**What is being asked**
Write out each line below precisely, passing over the pictures.

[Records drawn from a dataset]

----

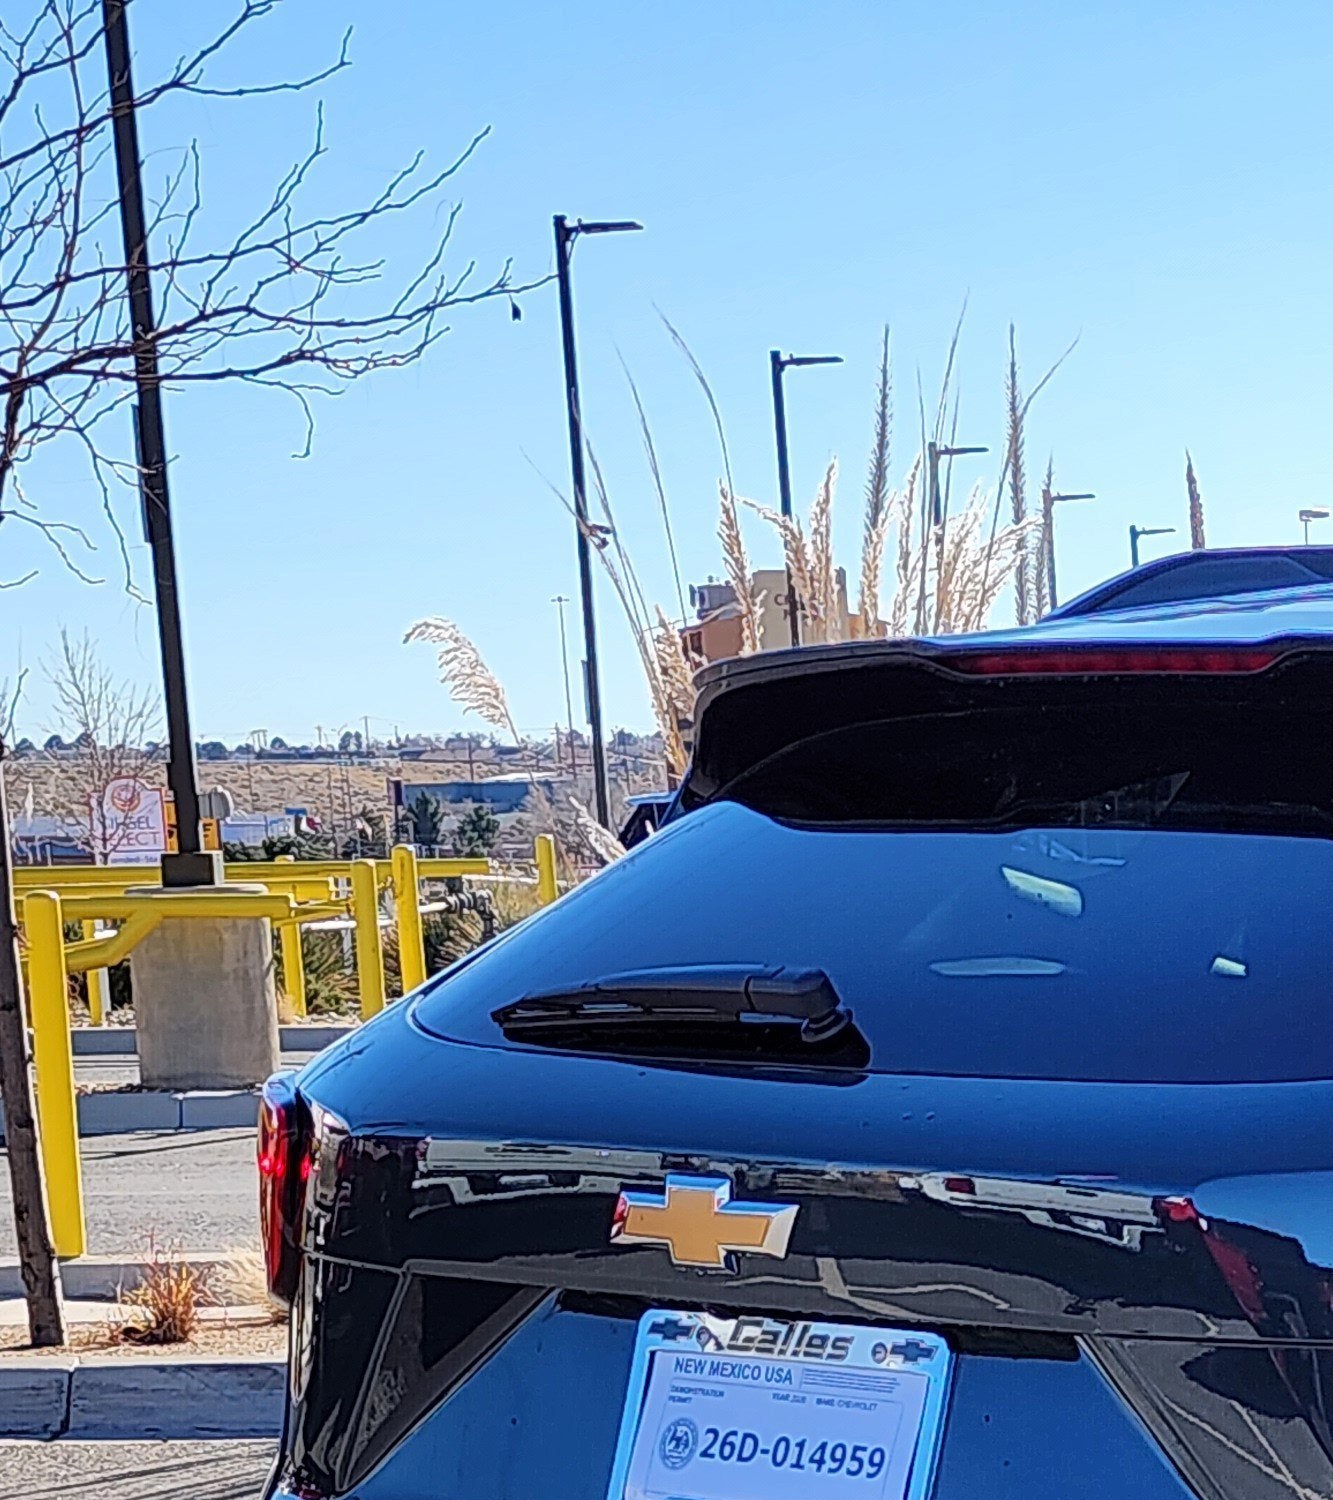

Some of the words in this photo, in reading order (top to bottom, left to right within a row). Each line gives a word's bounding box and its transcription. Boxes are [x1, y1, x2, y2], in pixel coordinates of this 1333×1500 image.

[727, 1315, 855, 1362] Galles
[674, 1357, 707, 1376] NEW
[708, 1360, 761, 1381] MEXICO
[764, 1365, 793, 1385] USA
[699, 1427, 886, 1479] 26D-014959

----

**Expected answer**
Some of the words in this photo, in reading order (top to bottom, left to right within a row). Each line gives a word's bounding box and its transcription. Boxes are [x1, y1, x2, y2], in pixel coordinates of this 1333×1500 image.

[727, 1315, 855, 1362] Galles
[674, 1357, 707, 1376] NEW
[708, 1360, 761, 1381] MEXICO
[764, 1365, 793, 1385] USA
[699, 1427, 886, 1479] 26D-014959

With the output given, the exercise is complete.